Are You Smelly?
Lift up your arm and sniff. Do you have body odor?
Scientists at the University of Bristol say the answer to whether you really need deodorant is in your genes. The new study appears online this month in the Journal of Investigative Dermatology.
The study focuses on a particular variation of the ABCC11 gene. Previous studies have linked the same variation to whether your earwax is wet or dry. Apparently, wet earwax people are more likely to have underarm odor.
Somewhat surprisingly, you’re more likely to use deodorant when you don’t need it than vice versa. Among white Europeans in the sample, only 5% of women with the bad body odor gene didn’t use deodorant. The figure jumped to 13% for men with the smelly gene variant. In short, 95% of the women who need deodorant in fact use it, while one in eight men don’t.
Meanwhile, 77.8% of nonodorous people in the sample use deodorant at least once a week. “[W]e believe that these people simply follow socio-cultural norms,” says lead author Ian Day. In contrast, most people in northeast Asia don’t need to use deodorant, so they don’t bother with it.
If people stopped unnecessary deodorant use, they could cut down on chemical exposures.
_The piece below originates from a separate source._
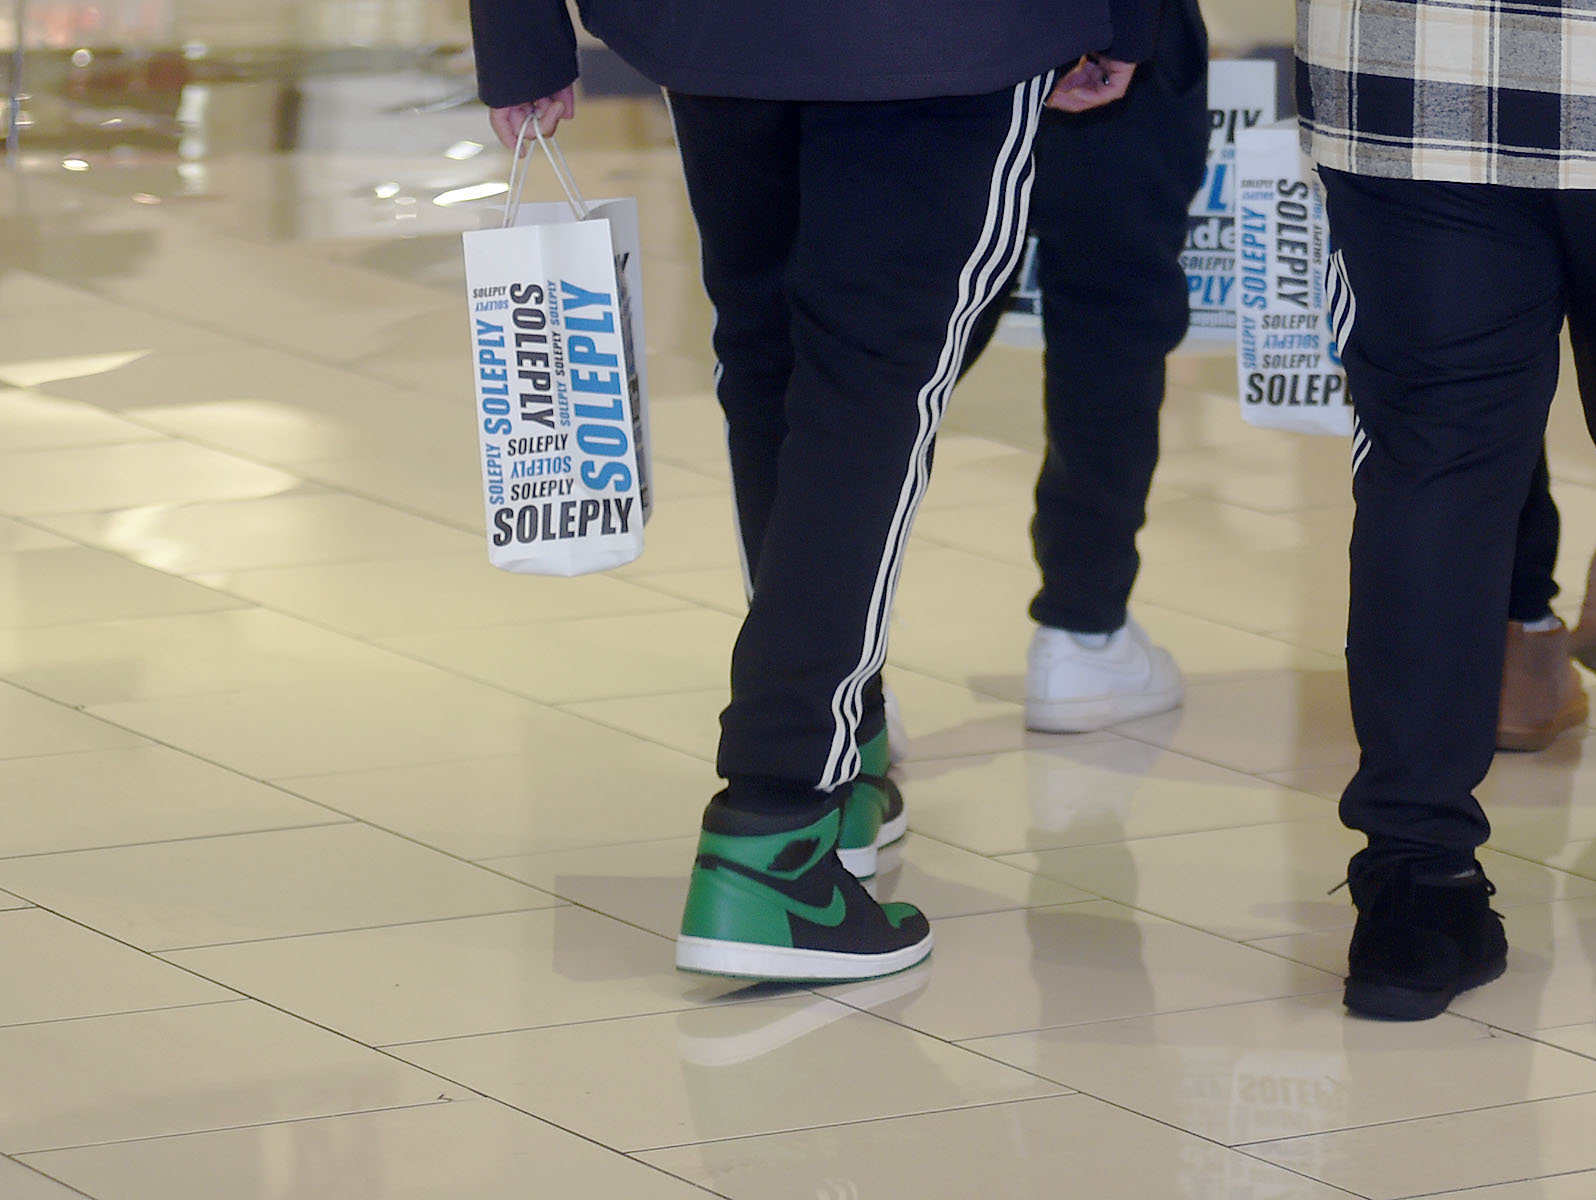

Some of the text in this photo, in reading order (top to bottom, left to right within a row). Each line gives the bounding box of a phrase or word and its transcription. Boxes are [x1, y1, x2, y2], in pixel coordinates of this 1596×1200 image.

They’d save money too. Before you ditch the deodorant, though, note that the non-smelly version of the gene is recessive. Unless you got that version from both parents, you’re likely to have body odor. The non-smelly version is also rarer among European and African populations than among Asian ethnic groups.
The study offers some interesting health insights for the future. To the extent personal hygiene needs depend on our genes, testing could eliminate unnecessary use for some people. Meanwhile, maybe those who need deodorant but don’t currently use it could take the testing results as a not-so-subtle hint. Then we’d all breathe easier.